-- Opening Marker --

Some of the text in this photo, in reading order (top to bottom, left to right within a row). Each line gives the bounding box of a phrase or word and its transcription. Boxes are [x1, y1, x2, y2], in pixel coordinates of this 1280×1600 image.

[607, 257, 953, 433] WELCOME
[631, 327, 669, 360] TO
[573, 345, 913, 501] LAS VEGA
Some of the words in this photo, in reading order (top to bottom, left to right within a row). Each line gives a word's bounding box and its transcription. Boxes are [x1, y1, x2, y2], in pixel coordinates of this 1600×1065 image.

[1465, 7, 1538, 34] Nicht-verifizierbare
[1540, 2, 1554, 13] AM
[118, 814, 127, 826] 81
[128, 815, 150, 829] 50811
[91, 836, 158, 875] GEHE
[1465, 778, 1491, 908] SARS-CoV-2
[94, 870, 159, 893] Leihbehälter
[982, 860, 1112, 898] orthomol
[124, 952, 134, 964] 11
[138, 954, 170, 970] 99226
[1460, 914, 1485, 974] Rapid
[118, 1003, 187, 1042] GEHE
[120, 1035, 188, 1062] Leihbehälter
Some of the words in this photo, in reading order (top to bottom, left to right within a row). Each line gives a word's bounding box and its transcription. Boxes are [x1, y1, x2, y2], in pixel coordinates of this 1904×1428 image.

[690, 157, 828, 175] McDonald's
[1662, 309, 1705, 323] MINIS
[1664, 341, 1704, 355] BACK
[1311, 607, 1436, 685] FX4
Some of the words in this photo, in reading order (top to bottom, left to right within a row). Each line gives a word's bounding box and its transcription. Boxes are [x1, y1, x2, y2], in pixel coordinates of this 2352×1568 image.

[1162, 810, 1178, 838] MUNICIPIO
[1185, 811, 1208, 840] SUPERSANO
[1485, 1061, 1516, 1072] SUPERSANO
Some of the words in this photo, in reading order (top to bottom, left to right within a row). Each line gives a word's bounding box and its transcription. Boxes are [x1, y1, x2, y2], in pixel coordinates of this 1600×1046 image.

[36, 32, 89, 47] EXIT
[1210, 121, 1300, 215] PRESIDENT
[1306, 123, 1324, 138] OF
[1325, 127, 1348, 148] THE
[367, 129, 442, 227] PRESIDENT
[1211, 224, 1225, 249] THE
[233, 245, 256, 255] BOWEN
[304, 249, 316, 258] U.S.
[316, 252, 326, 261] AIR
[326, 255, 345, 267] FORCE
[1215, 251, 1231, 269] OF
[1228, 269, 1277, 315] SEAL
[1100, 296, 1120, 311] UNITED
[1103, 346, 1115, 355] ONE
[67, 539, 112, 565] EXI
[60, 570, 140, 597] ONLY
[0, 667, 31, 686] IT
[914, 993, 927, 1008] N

-- Closing Marker --

* [Work required]:
Write the material out again word for word.

* [Answer space]:
Some of the text in this photo, in reading order (top to bottom, left to right within a row). Each line gives the bounding box of a phrase or word and its transcription. Boxes are [x1, y1, x2, y2], in pixel coordinates of this 1280×1600 image.

[607, 257, 953, 433] WELCOME
[631, 327, 669, 360] TO
[573, 345, 913, 501] LAS VEGA
Some of the words in this photo, in reading order (top to bottom, left to right within a row). Each line gives a word's bounding box and its transcription. Boxes are [x1, y1, x2, y2], in pixel coordinates of this 1600×1065 image.

[1465, 7, 1538, 34] Nicht-verifizierbare
[1540, 2, 1554, 13] AM
[118, 814, 127, 826] 81
[128, 815, 150, 829] 50811
[91, 836, 158, 875] GEHE
[1465, 778, 1491, 908] SARS-CoV-2
[94, 870, 159, 893] Leihbehälter
[982, 860, 1112, 898] orthomol
[124, 952, 134, 964] 11
[138, 954, 170, 970] 99226
[1460, 914, 1485, 974] Rapid
[118, 1003, 187, 1042] GEHE
[120, 1035, 188, 1062] Leihbehälter
Some of the words in this photo, in reading order (top to bottom, left to right within a row). Each line gives a word's bounding box and its transcription. Boxes are [x1, y1, x2, y2], in pixel coordinates of this 1904×1428 image.

[690, 157, 828, 175] McDonald's
[1662, 309, 1705, 323] MINIS
[1664, 341, 1704, 355] BACK
[1311, 607, 1436, 685] FX4
Some of the words in this photo, in reading order (top to bottom, left to right within a row). Each line gives a word's bounding box and its transcription. Boxes are [x1, y1, x2, y2], in pixel coordinates of this 2352×1568 image.

[1162, 810, 1178, 838] MUNICIPIO
[1185, 811, 1208, 840] SUPERSANO
[1485, 1061, 1516, 1072] SUPERSANO
Some of the words in this photo, in reading order (top to bottom, left to right within a row). Each line gives a word's bounding box and its transcription. Boxes are [x1, y1, x2, y2], in pixel coordinates of this 1600×1046 image.

[36, 32, 89, 47] EXIT
[1210, 121, 1300, 215] PRESIDENT
[1306, 123, 1324, 138] OF
[1325, 127, 1348, 148] THE
[367, 129, 442, 227] PRESIDENT
[1211, 224, 1225, 249] THE
[233, 245, 256, 255] BOWEN
[304, 249, 316, 258] U.S.
[316, 252, 326, 261] AIR
[326, 255, 345, 267] FORCE
[1215, 251, 1231, 269] OF
[1228, 269, 1277, 315] SEAL
[1100, 296, 1120, 311] UNITED
[1103, 346, 1115, 355] ONE
[67, 539, 112, 565] EXI
[60, 570, 140, 597] ONLY
[0, 667, 31, 686] IT
[914, 993, 927, 1008] N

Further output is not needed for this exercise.